Entries supplied START

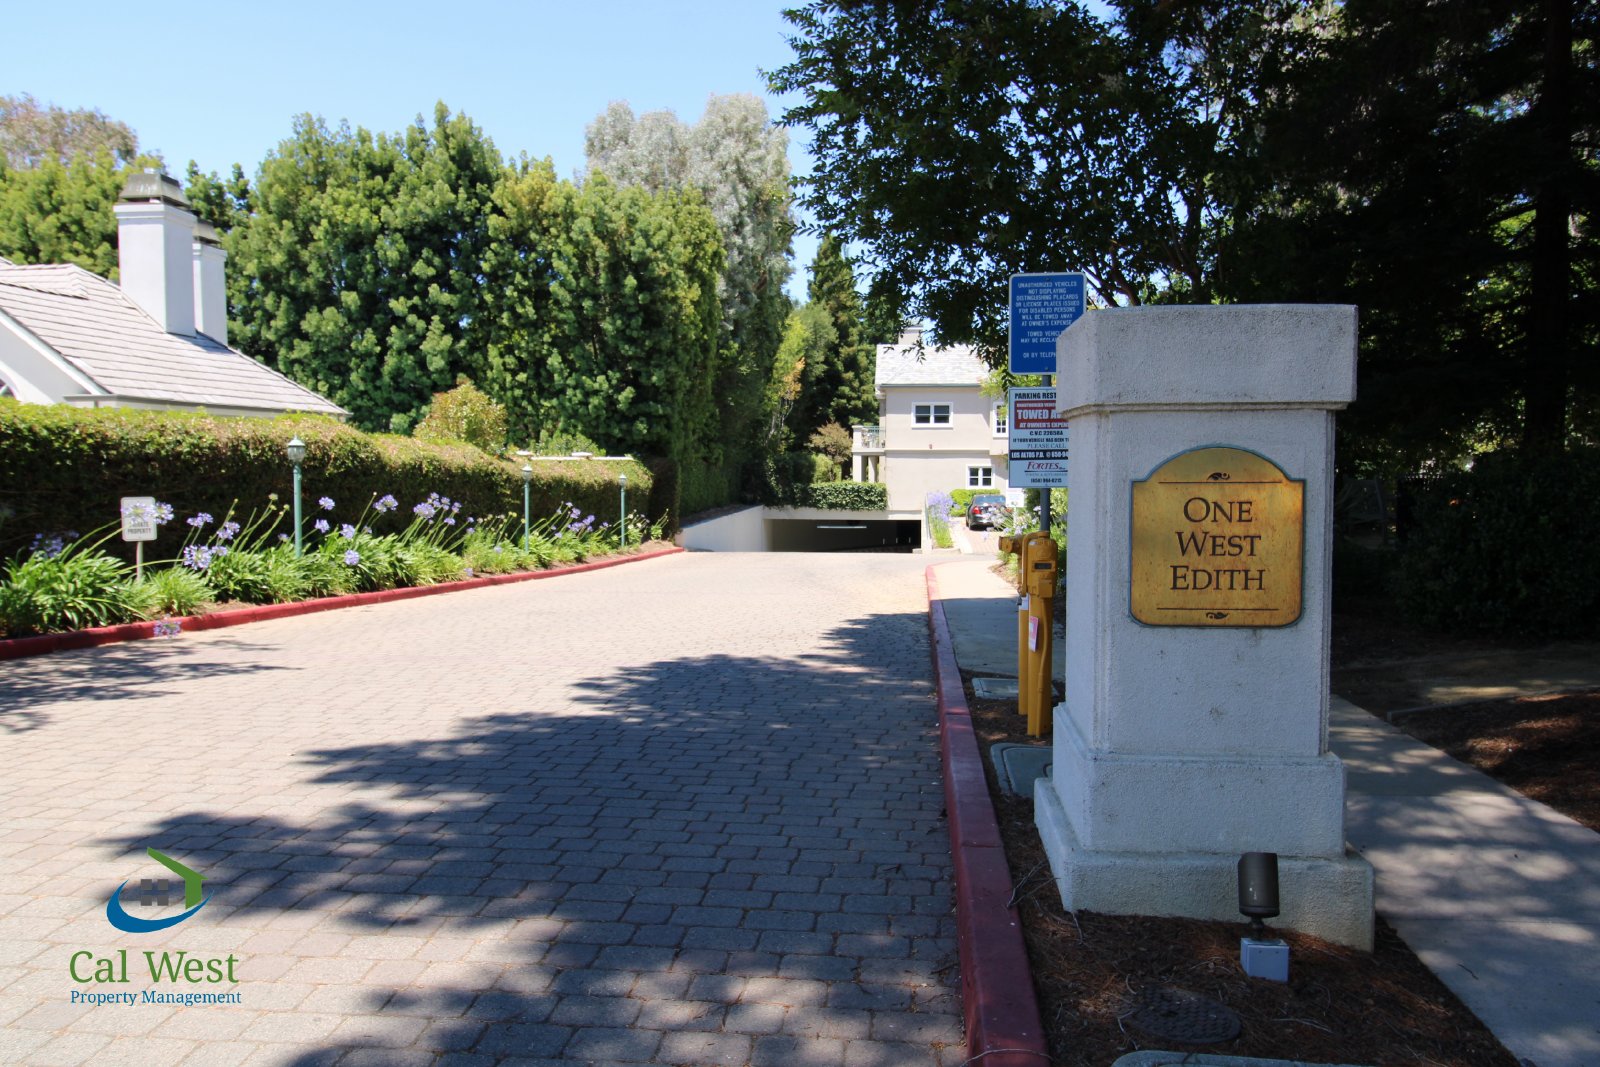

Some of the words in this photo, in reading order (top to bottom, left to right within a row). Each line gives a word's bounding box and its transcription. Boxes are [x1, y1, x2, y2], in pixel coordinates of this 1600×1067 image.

[1017, 410, 1048, 419] TOWED
[1183, 497, 1253, 523] ONE
[1175, 532, 1262, 557] WEST
[1169, 565, 1266, 591] EDITH
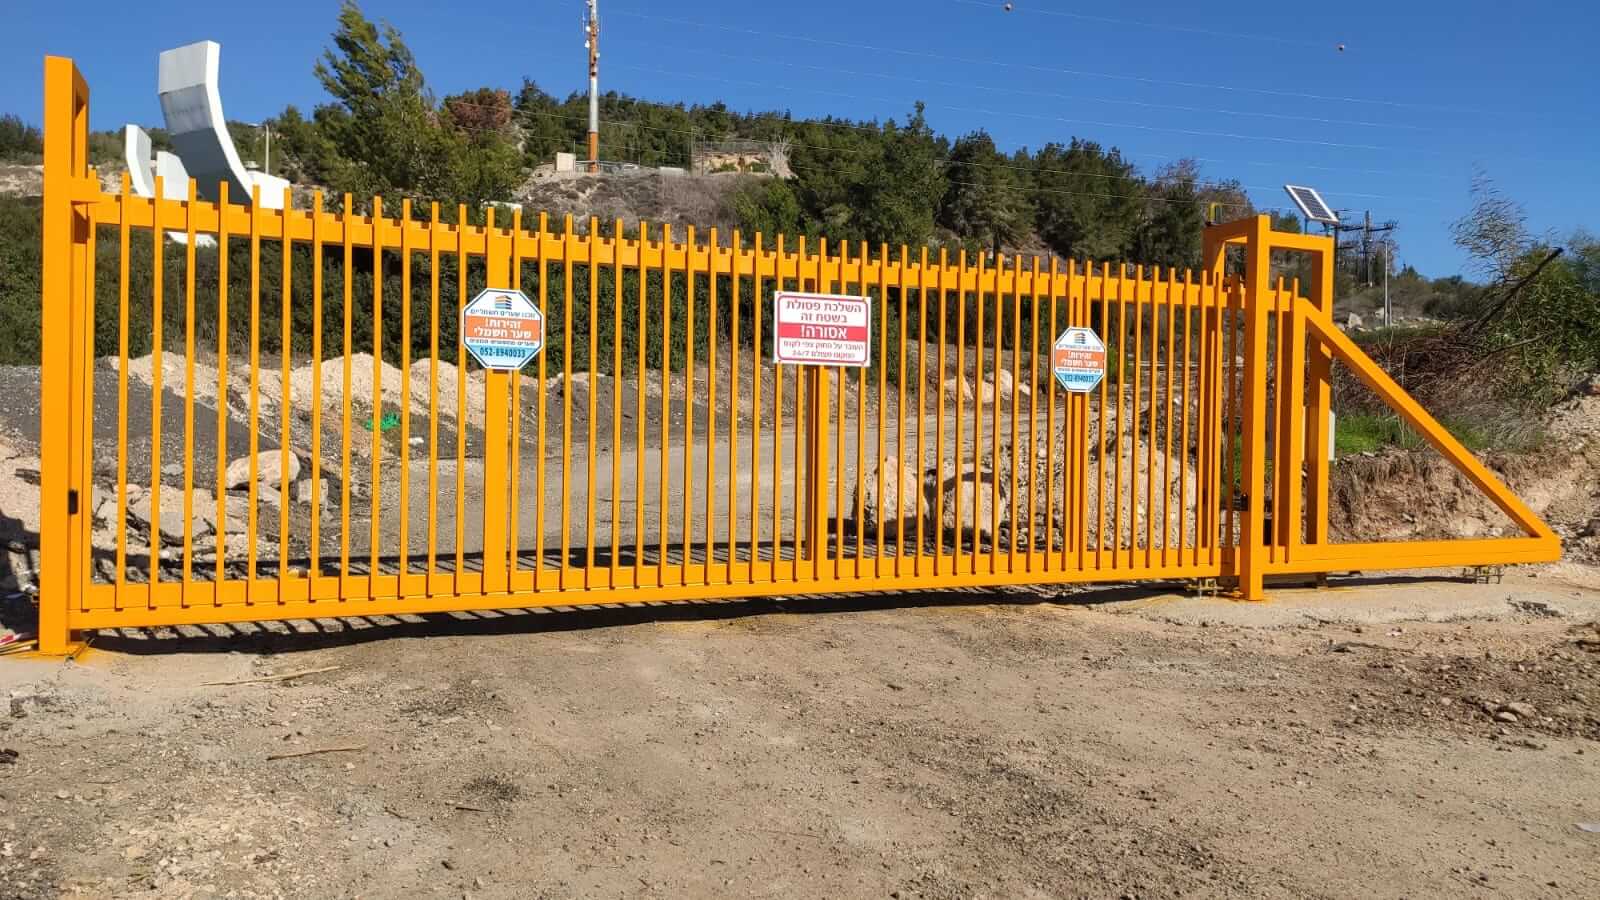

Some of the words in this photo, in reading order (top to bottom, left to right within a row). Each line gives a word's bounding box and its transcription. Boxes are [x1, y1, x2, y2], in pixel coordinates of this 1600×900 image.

[786, 299, 821, 311] פסולת
[824, 302, 862, 312] השלכת
[800, 312, 814, 321] זה
[816, 313, 848, 323] בשטח
[485, 317, 522, 328] זהירות!
[473, 326, 508, 337] חשמלי
[511, 330, 532, 339] שער
[800, 325, 848, 339] אסורה!
[833, 341, 843, 349] על
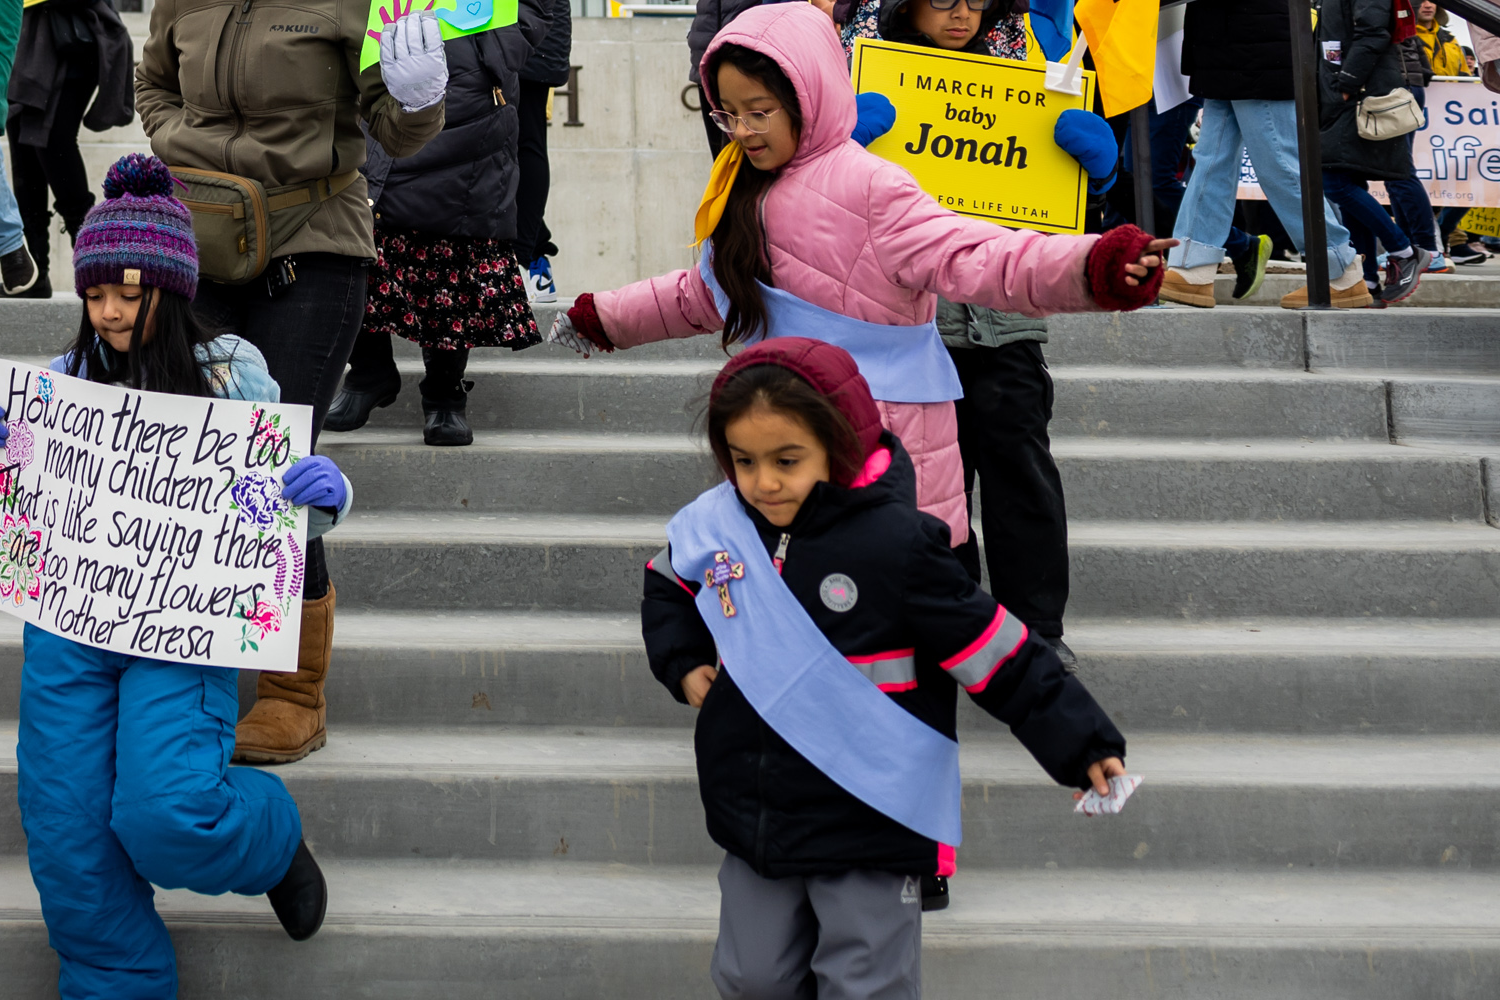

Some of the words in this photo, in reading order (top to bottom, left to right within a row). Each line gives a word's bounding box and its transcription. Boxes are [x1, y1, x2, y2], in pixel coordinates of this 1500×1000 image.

[285, 24, 319, 34] KUIU
[900, 72, 904, 86] I
[916, 75, 993, 99] MARCH
[1005, 88, 1046, 107] FOR
[945, 103, 996, 130] baby
[905, 123, 1028, 169] Jonah
[938, 195, 964, 207] FOR
[973, 200, 1003, 212] LIFE
[1011, 205, 1049, 219] UTAH
[5, 367, 63, 430] How
[62, 402, 103, 446] can
[112, 393, 188, 458] there
[193, 402, 236, 466] be
[245, 409, 290, 469] too
[45, 438, 104, 507] many
[108, 448, 234, 514] children?
[0, 464, 43, 517] That
[43, 491, 59, 529] is
[62, 490, 97, 544] like
[214, 514, 282, 569] there
[10, 534, 40, 568] are
[43, 530, 68, 581] too
[74, 554, 143, 619] many
[146, 556, 265, 619] flowers
[38, 580, 128, 645] Mother
[129, 608, 214, 660] Teresa
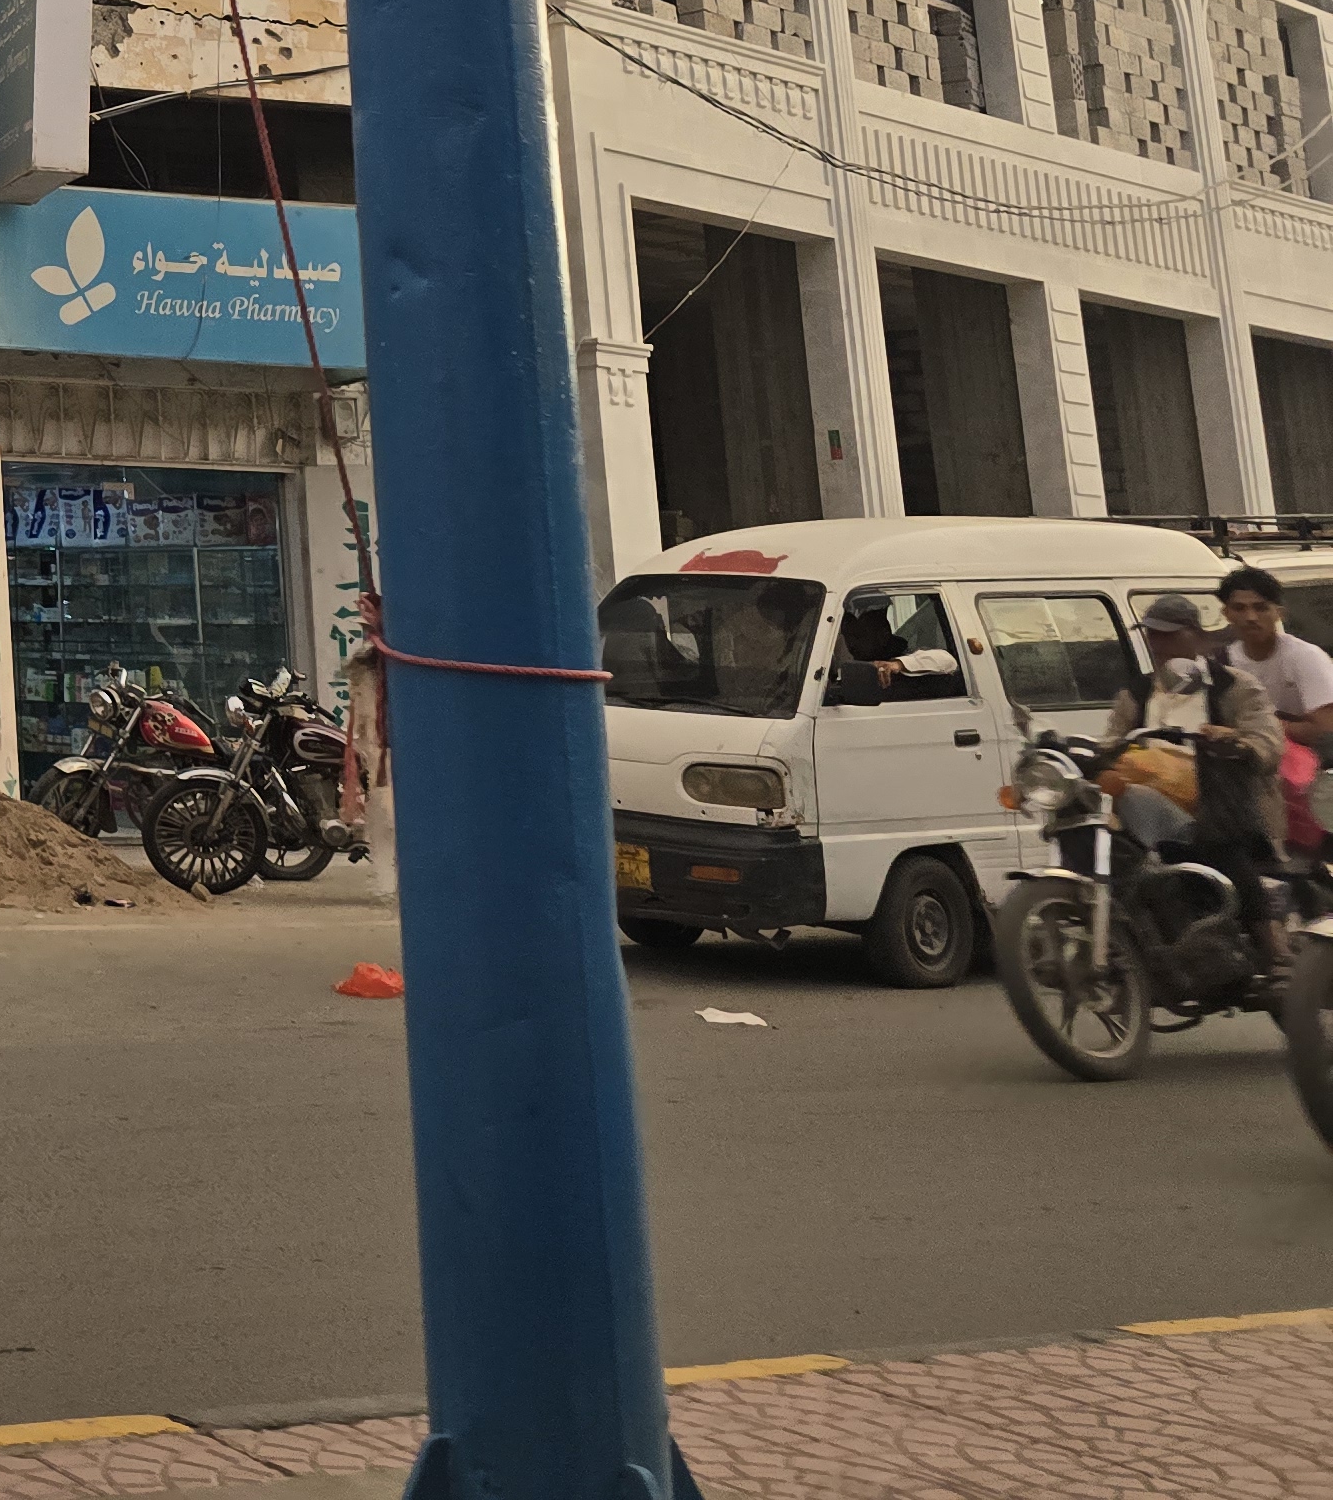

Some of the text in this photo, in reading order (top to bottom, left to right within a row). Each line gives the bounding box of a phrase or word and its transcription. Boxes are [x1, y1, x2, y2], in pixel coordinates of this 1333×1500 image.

Entries supplied END

*Activity*
The answer must be a word-for-word copy of all the entries, containing no pictures.

*Output of the task*
Some of the words in this photo, in reading order (top to bottom, left to right within a row). Each line gives a word's bounding box and its transcription. Boxes are [x1, y1, x2, y2], in pixel coordinates of this 1600×1067 image.

[1017, 410, 1048, 419] TOWED
[1183, 497, 1253, 523] ONE
[1175, 532, 1262, 557] WEST
[1169, 565, 1266, 591] EDITH

Some of the words in this photo, in reading order (top to bottom, left to right within a row). Each line gives a word's bounding box and its transcription. Boxes are [x1, y1, x2, y2], in pixel coordinates of this 1600×900 image.

[786, 299, 821, 311] פסולת
[824, 302, 862, 312] השלכת
[800, 312, 814, 321] זה
[816, 313, 848, 323] בשטח
[485, 317, 522, 328] זהירות!
[473, 326, 508, 337] חשמלי
[511, 330, 532, 339] שער
[800, 325, 848, 339] אסורה!
[833, 341, 843, 349] על

Some of the words in this photo, in reading order (top to bottom, left to right within a row). Each line gives a word's bounding box and its transcription. Boxes are [x1, y1, x2, y2], in pixel coordinates of this 1500×1000 image.

[285, 24, 319, 34] KUIU
[900, 72, 904, 86] I
[916, 75, 993, 99] MARCH
[1005, 88, 1046, 107] FOR
[945, 103, 996, 130] baby
[905, 123, 1028, 169] Jonah
[938, 195, 964, 207] FOR
[973, 200, 1003, 212] LIFE
[1011, 205, 1049, 219] UTAH
[5, 367, 63, 430] How
[62, 402, 103, 446] can
[112, 393, 188, 458] there
[193, 402, 236, 466] be
[245, 409, 290, 469] too
[45, 438, 104, 507] many
[108, 448, 234, 514] children?
[0, 464, 43, 517] That
[43, 491, 59, 529] is
[62, 490, 97, 544] like
[214, 514, 282, 569] there
[10, 534, 40, 568] are
[43, 530, 68, 581] too
[74, 554, 143, 619] many
[146, 556, 265, 619] flowers
[38, 580, 128, 645] Mother
[129, 608, 214, 660] Teresa

Some of the text in this photo, in reading order (top to bottom, left to right within a row). Each line gives the bounding box of a phrase or word and its transcription. Boxes are [x1, y1, x2, y2], in pixel coordinates of this 1333×1500 image.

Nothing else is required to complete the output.